Excerpted records:
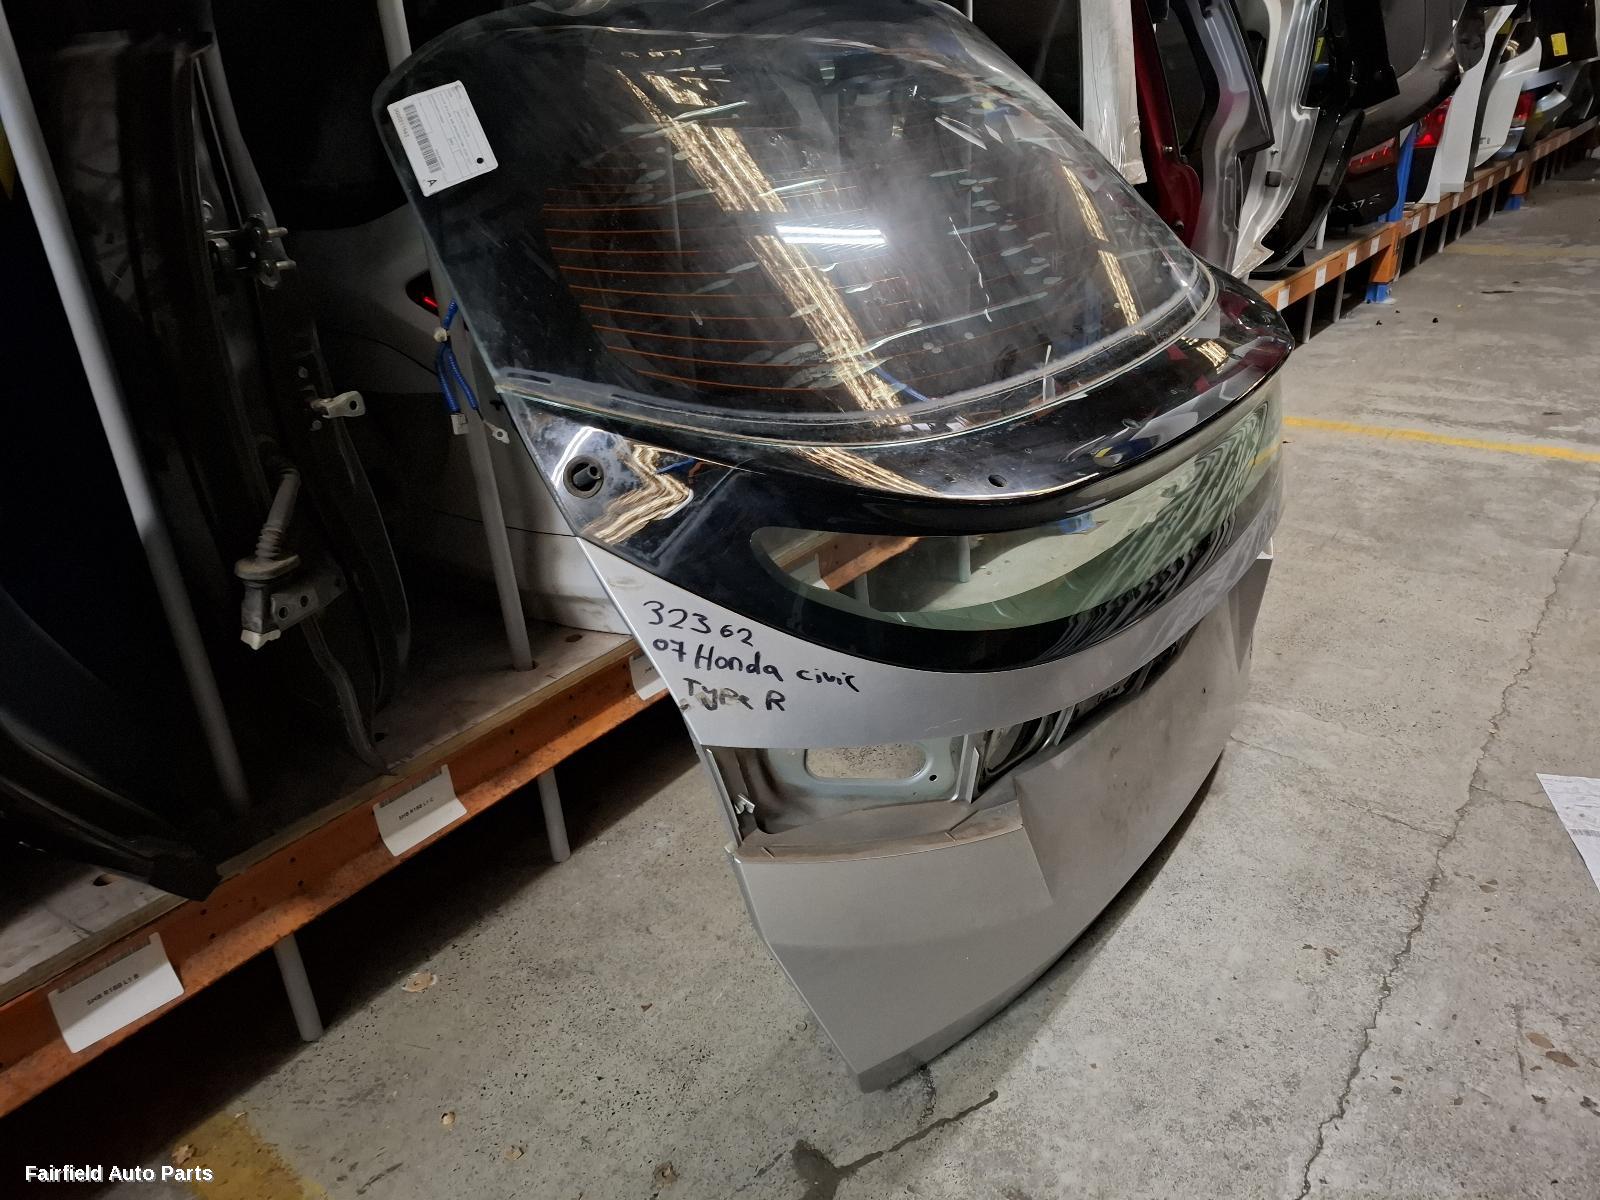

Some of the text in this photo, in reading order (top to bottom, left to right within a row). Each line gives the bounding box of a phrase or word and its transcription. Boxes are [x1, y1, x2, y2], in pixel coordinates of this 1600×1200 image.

[427, 179, 437, 187] A
[643, 600, 754, 648] 32362
[652, 638, 860, 693] 07 Honda civic
[765, 689, 786, 711] R
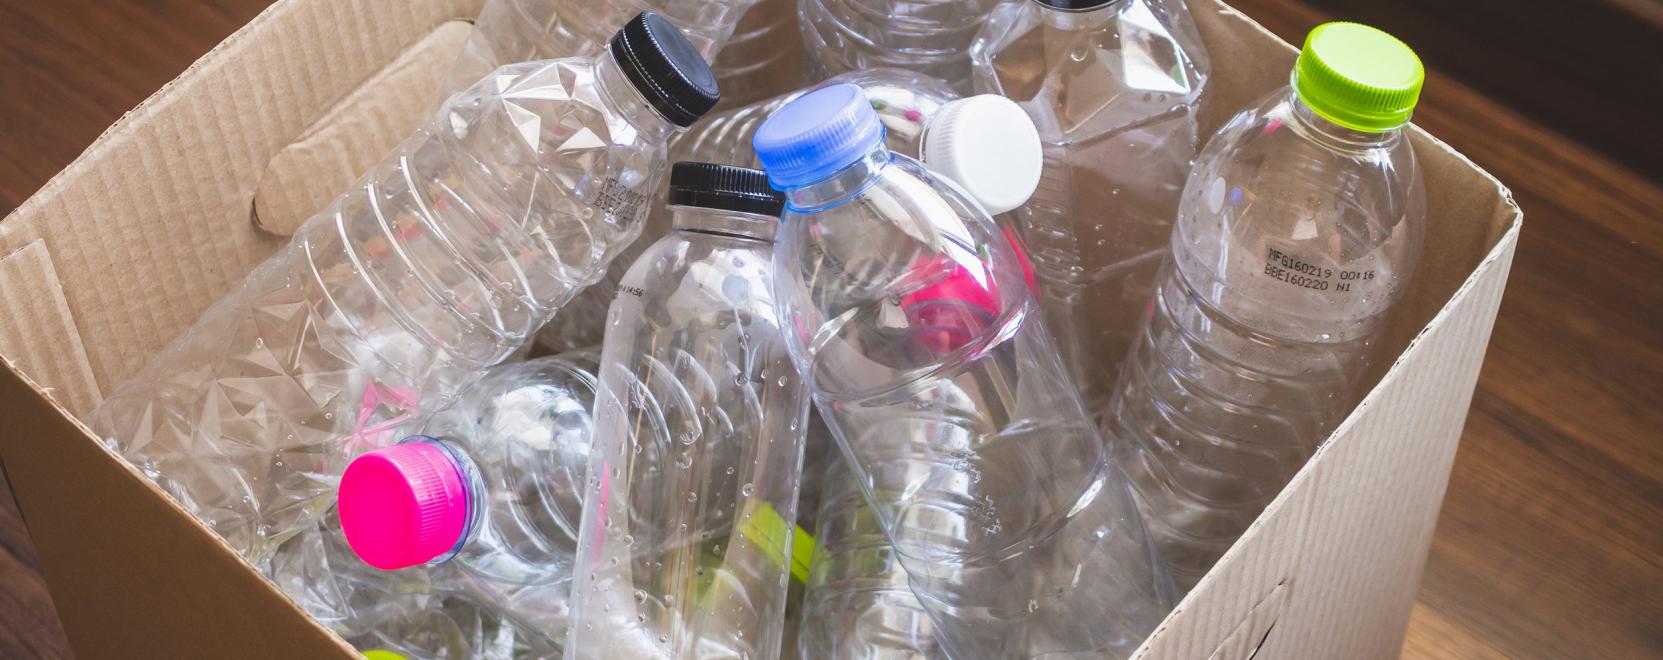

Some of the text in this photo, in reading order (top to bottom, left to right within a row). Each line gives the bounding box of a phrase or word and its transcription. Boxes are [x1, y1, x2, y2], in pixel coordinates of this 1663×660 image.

[1264, 263, 1328, 291] BBE160220
[1268, 248, 1375, 280] MFG160219 00:16
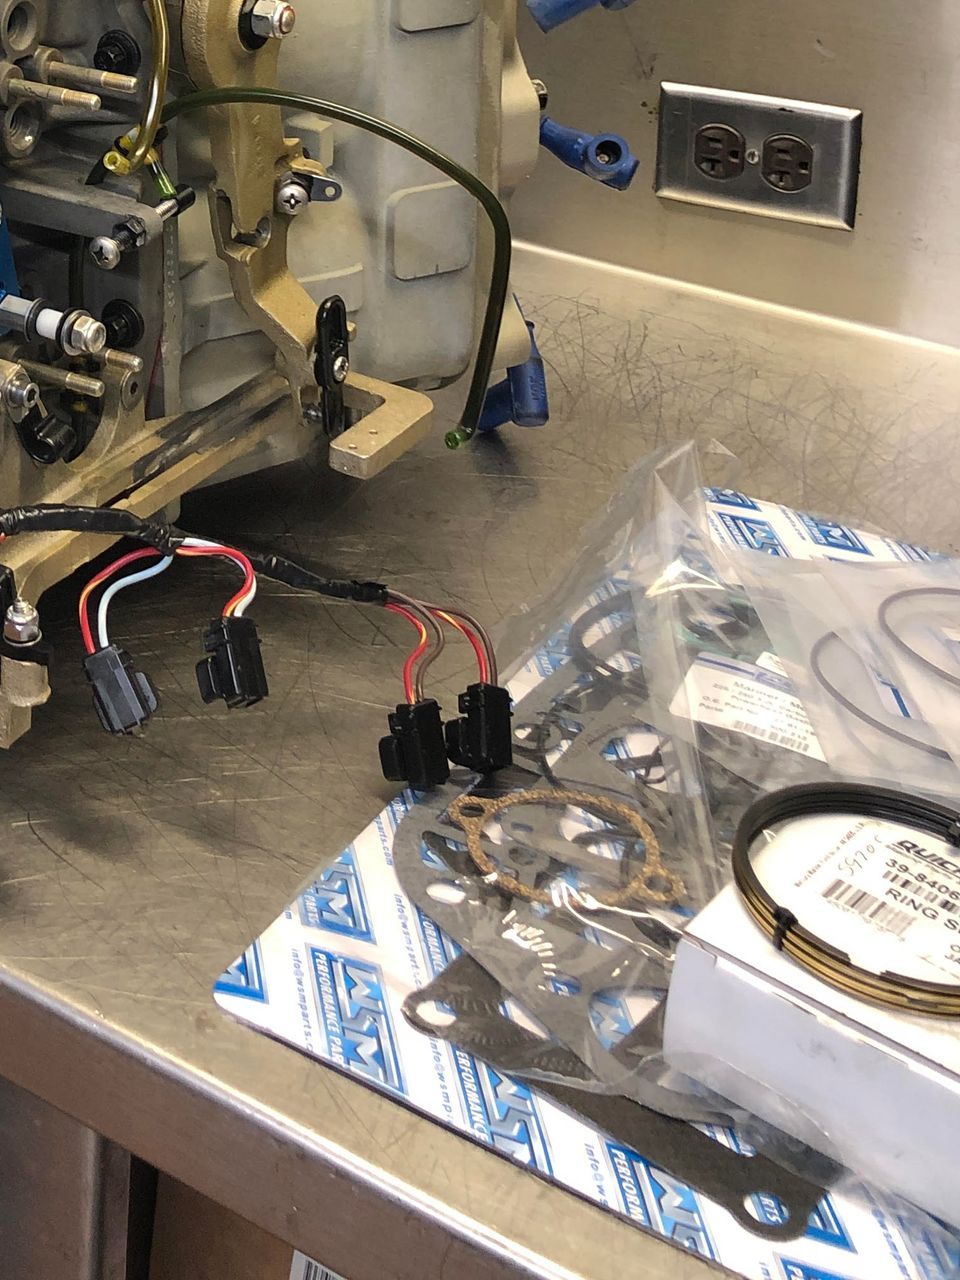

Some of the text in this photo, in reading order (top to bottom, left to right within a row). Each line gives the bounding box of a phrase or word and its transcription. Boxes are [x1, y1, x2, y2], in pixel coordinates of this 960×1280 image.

[885, 888, 940, 920] RING
[314, 951, 340, 1035] PERFORMANCE
[456, 1048, 490, 1141] ERFORMANCE
[760, 1196, 783, 1225] RTS
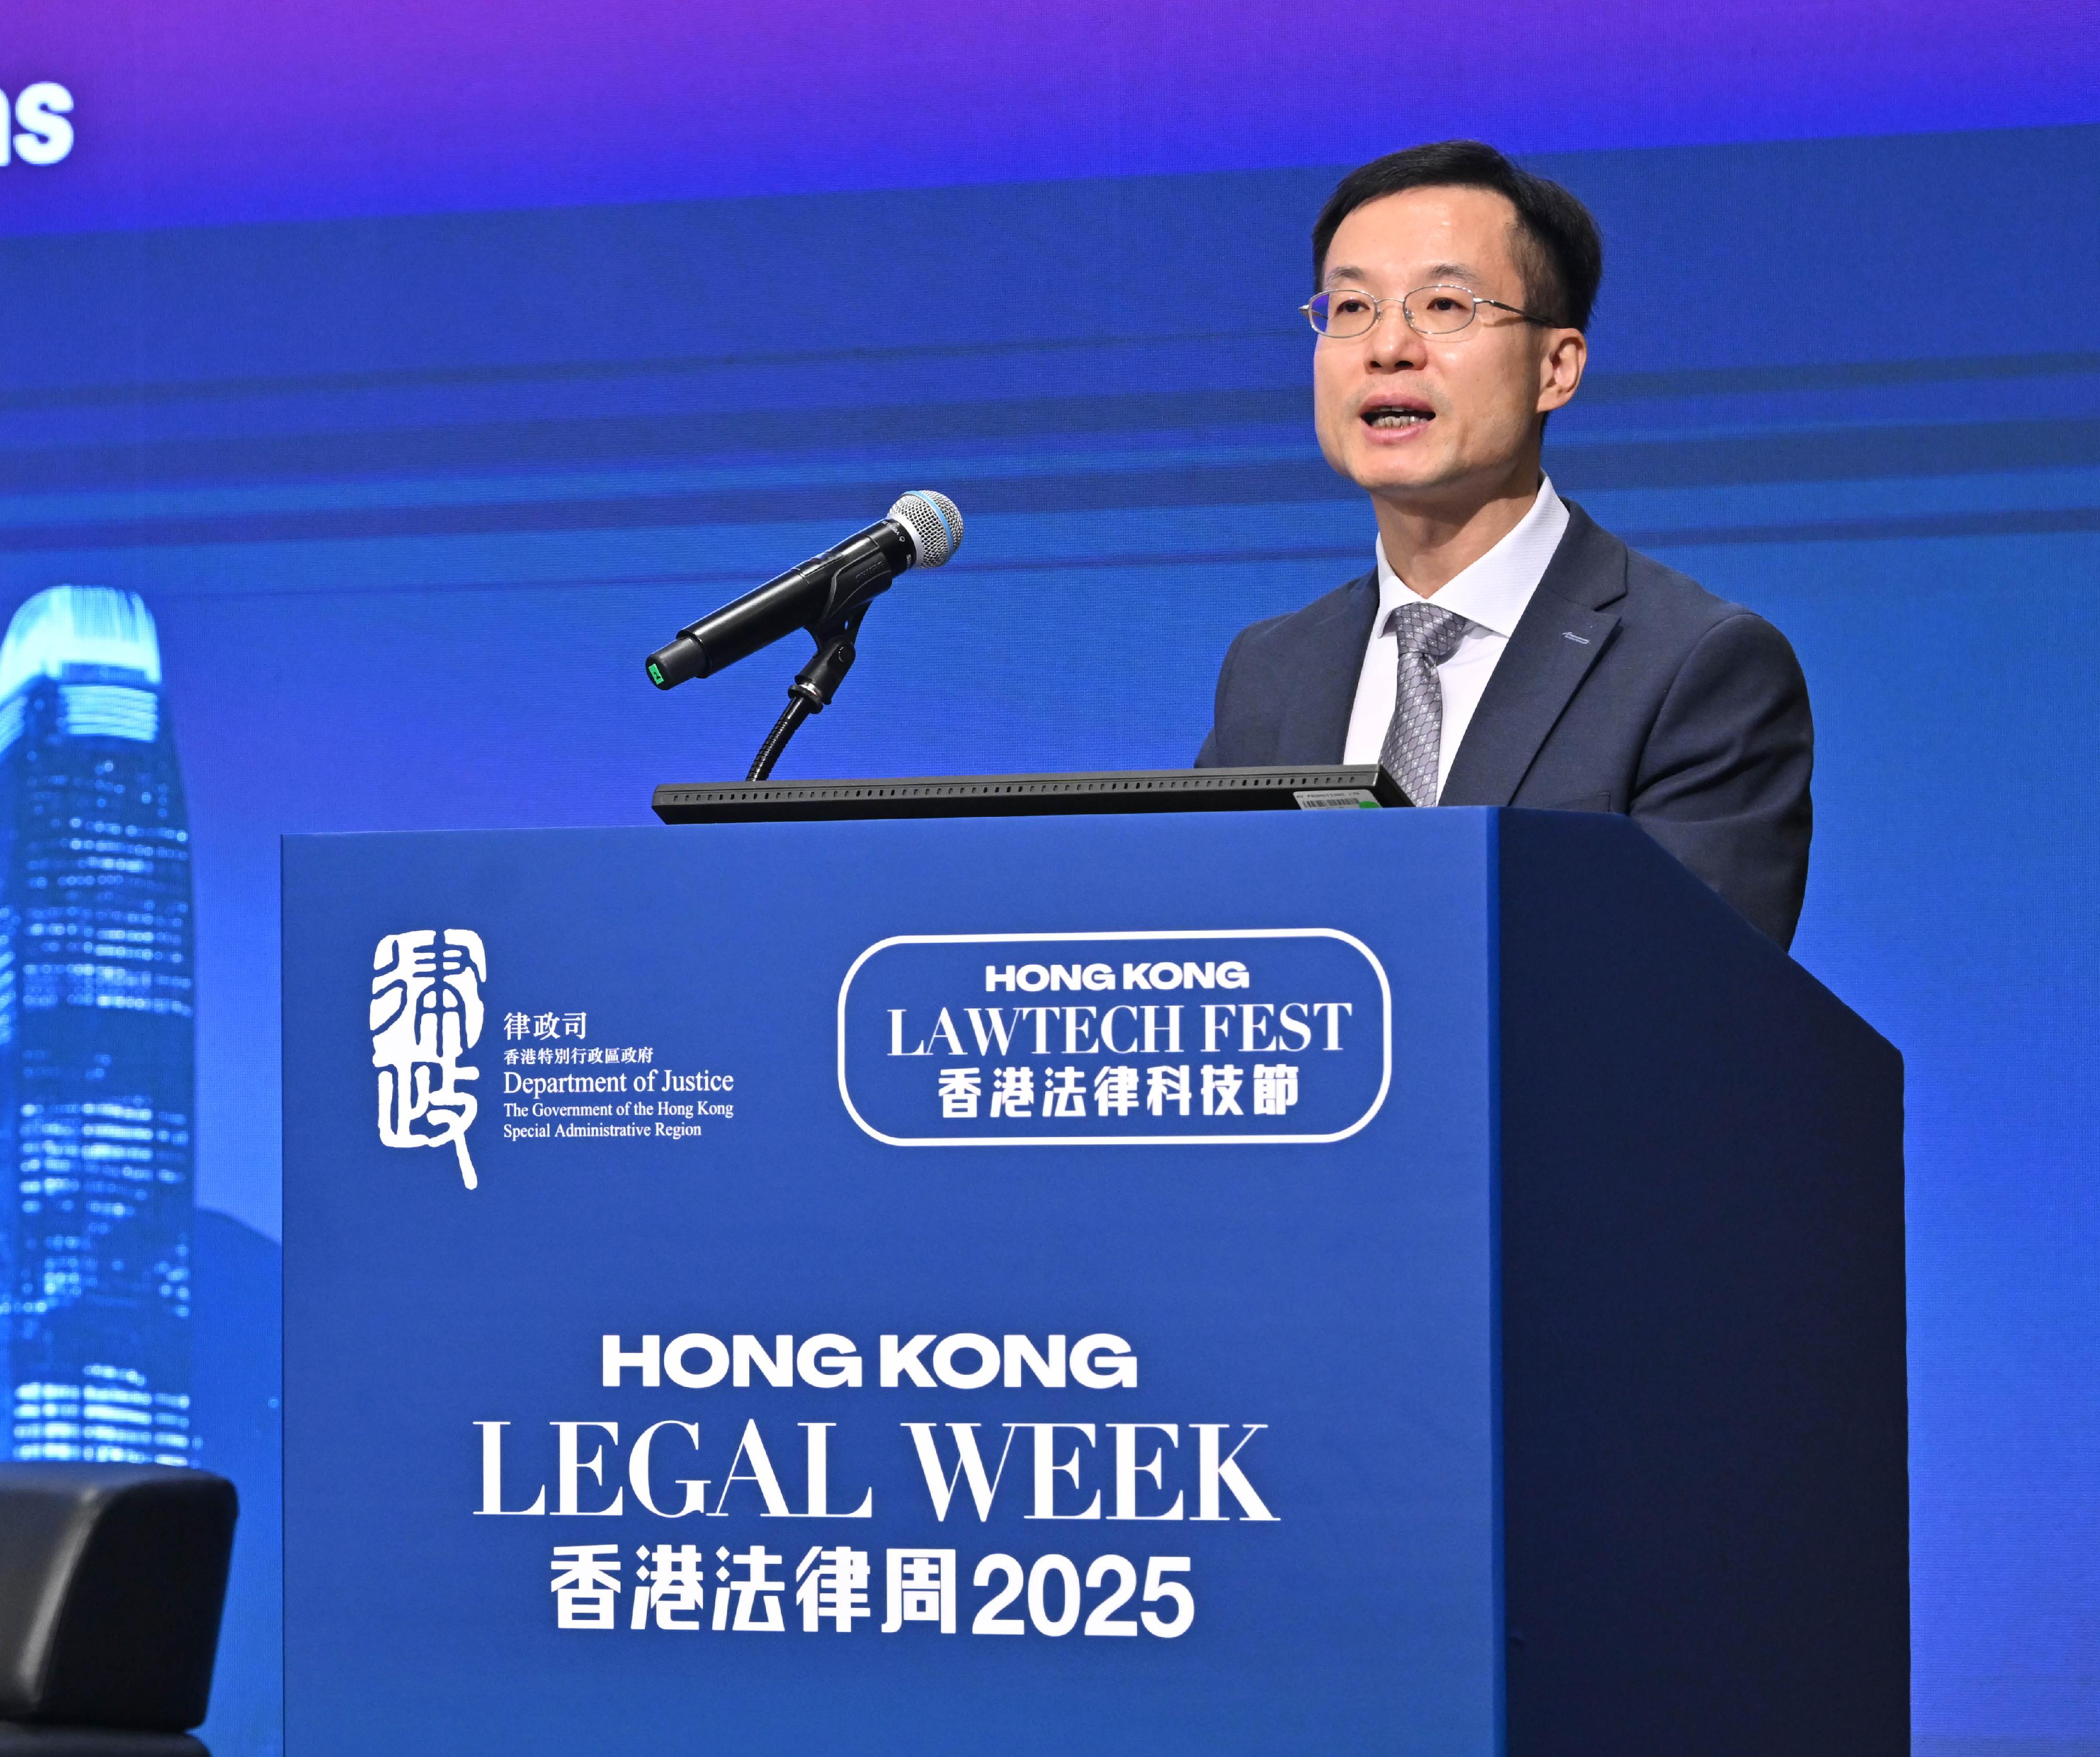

Prompt: Print the records above verbatim, minus any pictures.

Answer:
Some of the text in this photo, in reading order (top to bottom, left to right within a row). Each line gives the bounding box of a phrase or word and its transcription. Boxes are [x1, y1, x2, y2], in pixel coordinates of this 1600×1200 image.

[427, 179, 437, 187] A
[643, 600, 754, 648] 32362
[652, 638, 860, 693] 07 Honda civic
[765, 689, 786, 711] R

Some of the text in this photo, in reading order (top to bottom, left to right within a row). Each line gives the bounding box of a phrase or word and its transcription. Boxes are [x1, y1, x2, y2], in pixel coordinates of this 1663×660 image.

[1264, 263, 1328, 291] BBE160220
[1268, 248, 1375, 280] MFG160219 00:16

Some of the text in this photo, in reading order (top to bottom, left to right within a row). Each line gives the bounding box of a phrase or word and its transcription. Boxes are [x1, y1, x2, y2], in pixel coordinates of this 960×1280 image.

[885, 888, 940, 920] RING
[314, 951, 340, 1035] PERFORMANCE
[456, 1048, 490, 1141] ERFORMANCE
[760, 1196, 783, 1225] RTS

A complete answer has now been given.